Count the lines in the entries below that mention the string "KNIHA", then write that number by itself.
EXERCISE MATERIALS Start Marker
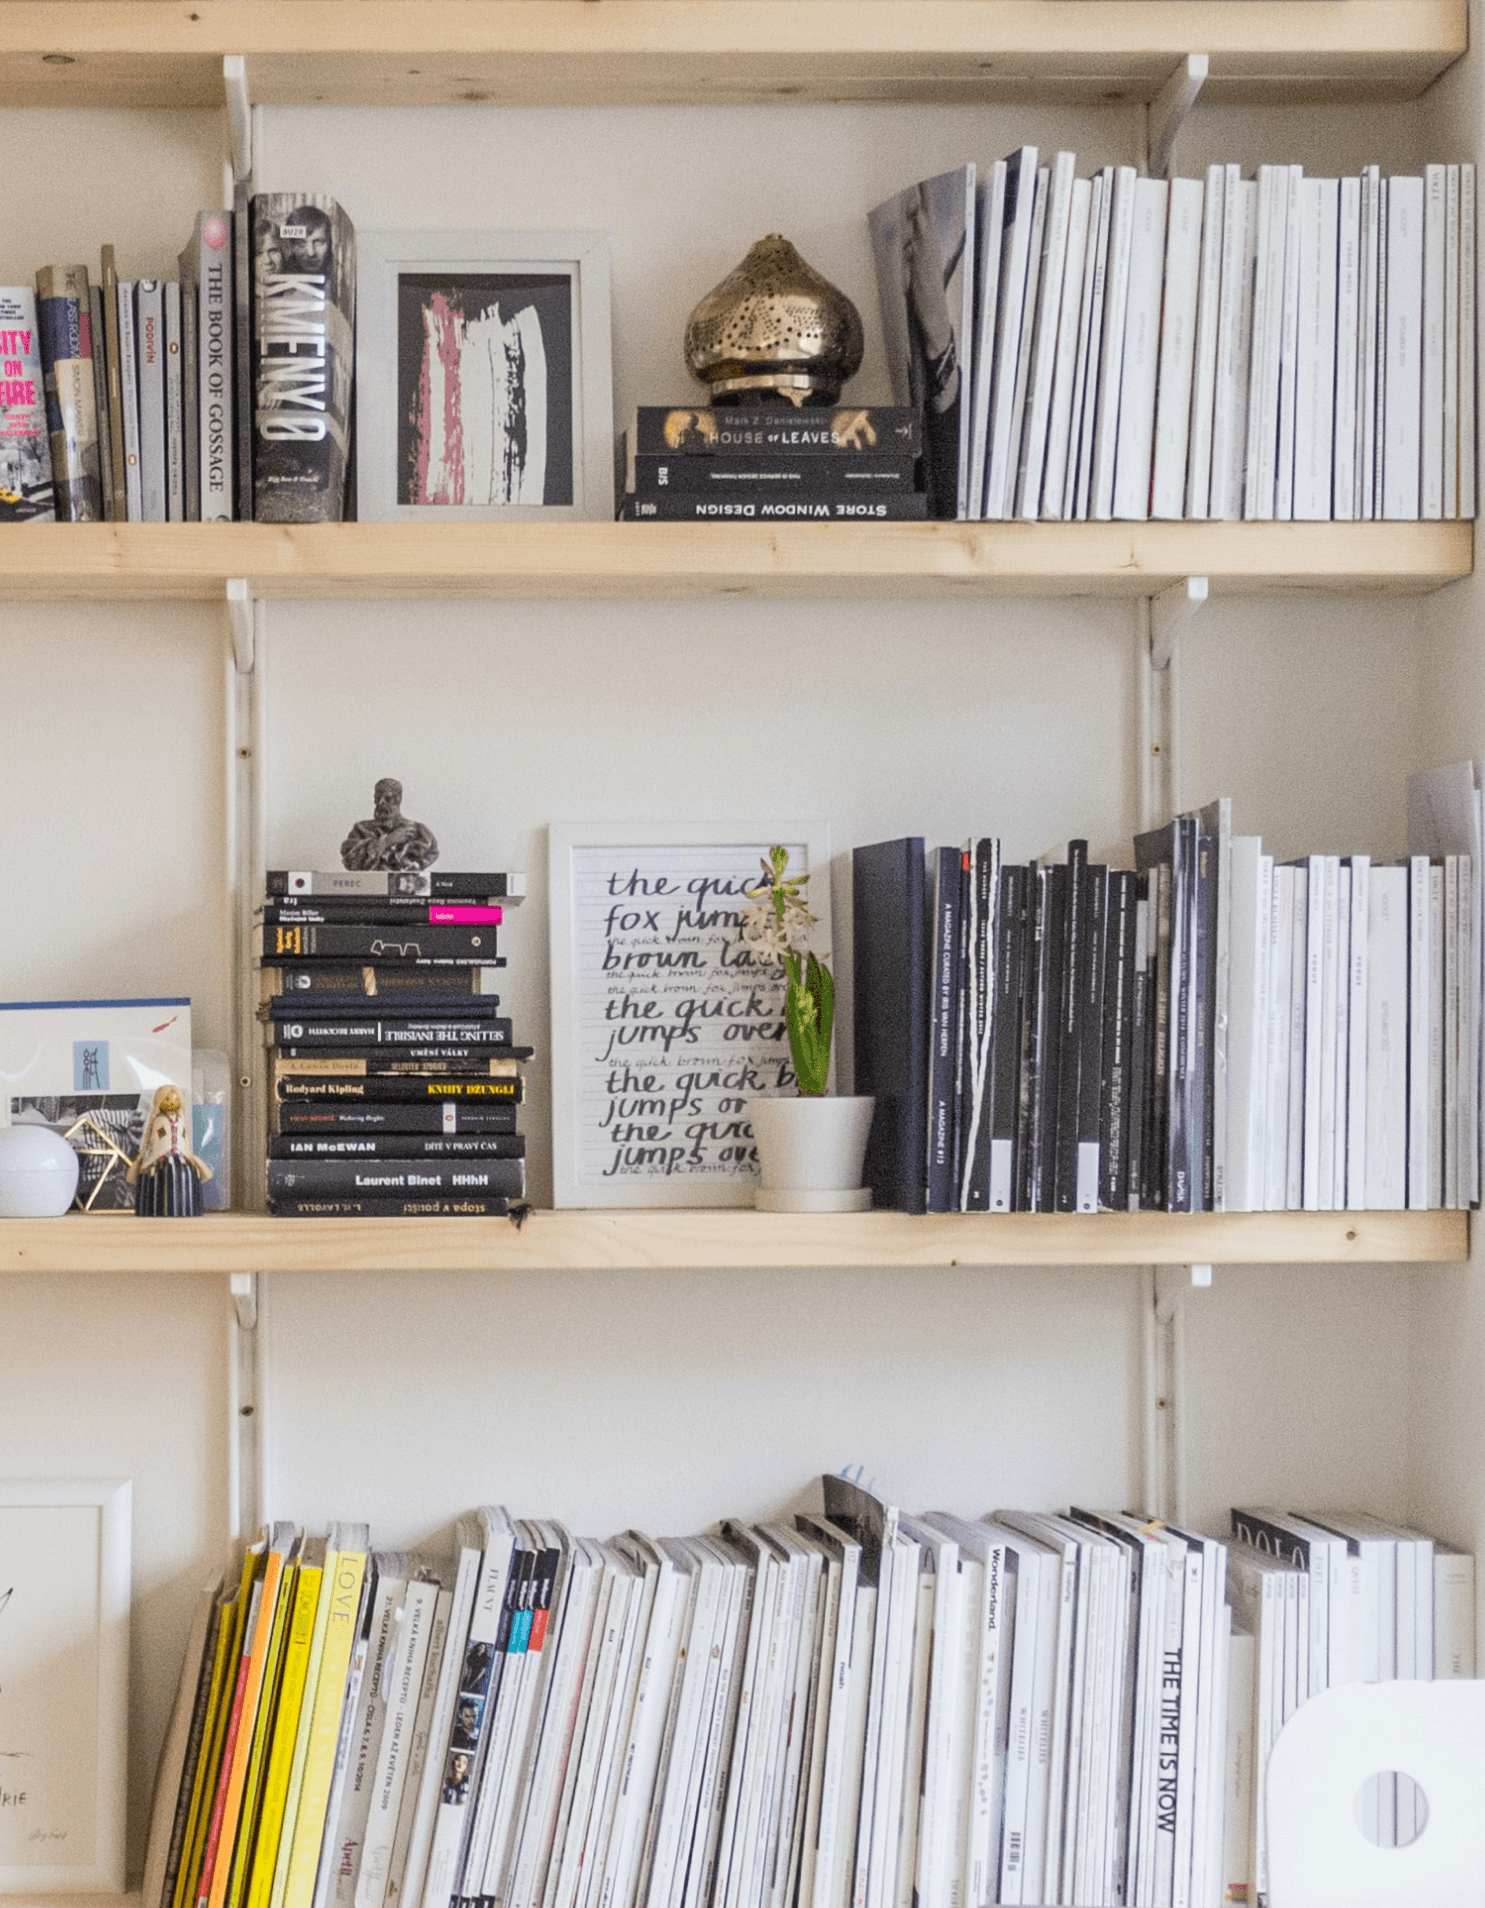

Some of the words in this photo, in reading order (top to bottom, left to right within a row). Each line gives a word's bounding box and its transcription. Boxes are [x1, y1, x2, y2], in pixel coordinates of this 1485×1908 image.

[208, 264, 223, 303] THE
[0, 329, 31, 355] ITY
[208, 310, 223, 367] BOOK
[4, 359, 22, 377] ON
[208, 372, 223, 398] OF
[208, 404, 223, 493] GOSSAGE
[708, 431, 763, 444] HOUSE
[781, 431, 840, 444] LEAVES
[696, 504, 755, 517] DESIGN
[761, 504, 830, 517] WINDOW
[836, 504, 887, 517] STORE
[333, 879, 361, 888] PEREC
[606, 868, 681, 897] the
[603, 904, 660, 937] fox
[943, 911, 952, 949] MAGAZINE
[602, 941, 707, 970] brown
[942, 952, 950, 984] CURATED
[942, 986, 949, 995] BY
[605, 994, 664, 1020] the
[675, 991, 773, 1036] quick
[940, 1011, 948, 1026] VAN
[349, 1027, 375, 1036] HARRY
[385, 1030, 434, 1042] INVISIBLE
[435, 1030, 459, 1042] THE
[459, 1030, 504, 1042] SELLING
[595, 1024, 701, 1061] jumps
[327, 1084, 364, 1096] Kipling
[605, 1067, 665, 1094] the
[675, 1064, 766, 1102] quick
[599, 1097, 702, 1127] jumps
[610, 1122, 671, 1143] the
[937, 1108, 946, 1147] MAGAZINE
[290, 1142, 313, 1152] IAN
[602, 1144, 704, 1176] jumps
[355, 1175, 405, 1186] Laurent
[407, 1175, 442, 1186] Binet
[452, 1175, 489, 1186] HHhH
[332, 1556, 359, 1625] LOVE
[380, 1608, 391, 1634] VELKÁ
[410, 1607, 422, 1634] VELKÁ
[375, 1635, 386, 1661] KNIHA
[405, 1636, 417, 1663] KNIHA
[369, 1662, 382, 1698] RECEPTŮ
[837, 1661, 846, 1690] noah
[1162, 1647, 1182, 1687] THE
[398, 1665, 412, 1704] RECEPTŮ
[392, 1711, 404, 1739] LEDEN
[1160, 1694, 1180, 1744] TIME
[1159, 1751, 1177, 1770] IS
[1156, 1777, 1176, 1831] NOW
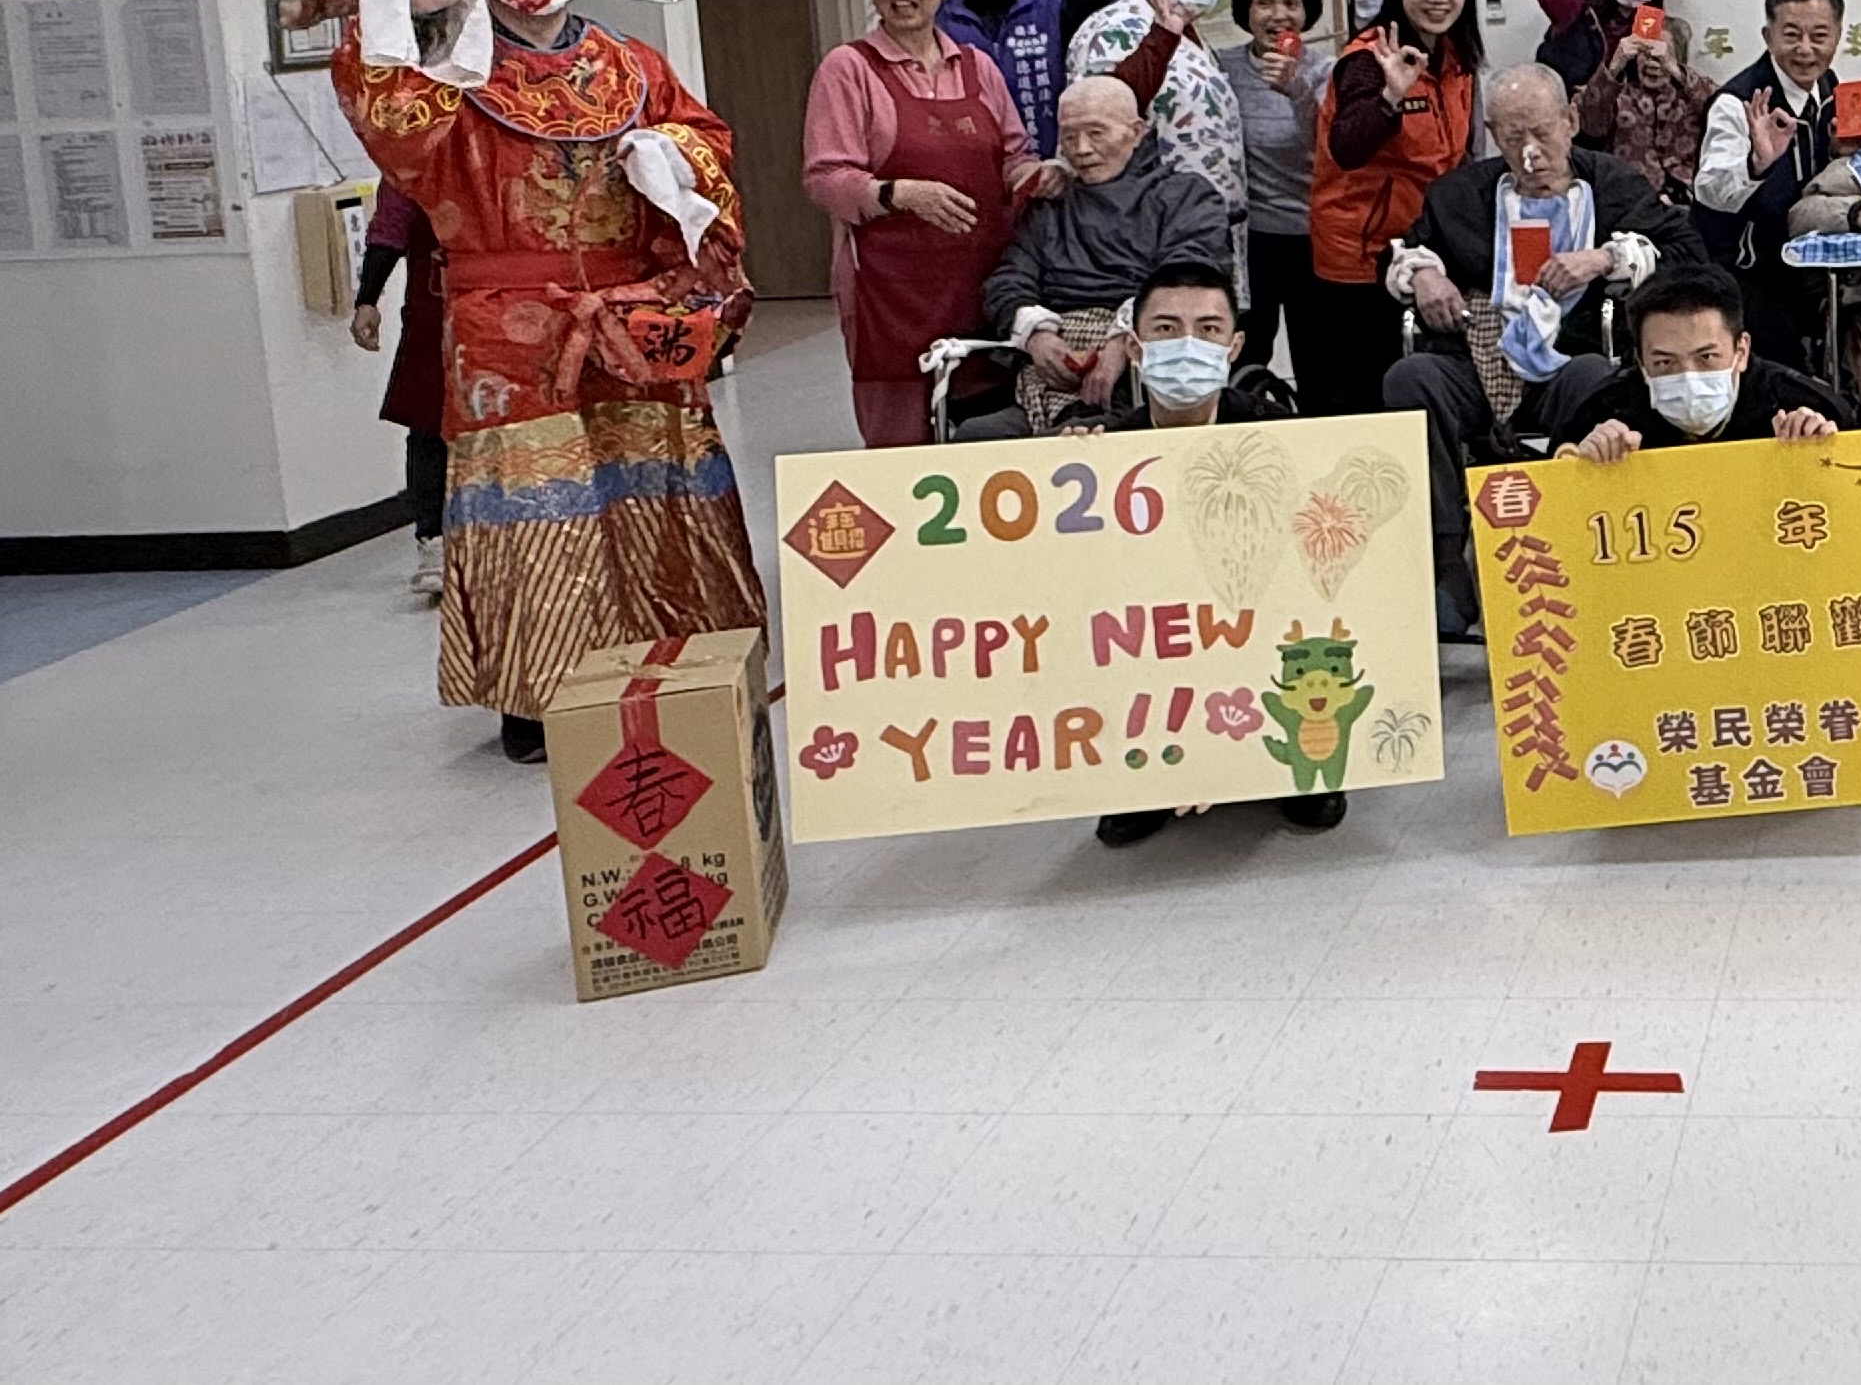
EXERCISE MATERIALS End Marker
_SOLUTION BELOW_. 2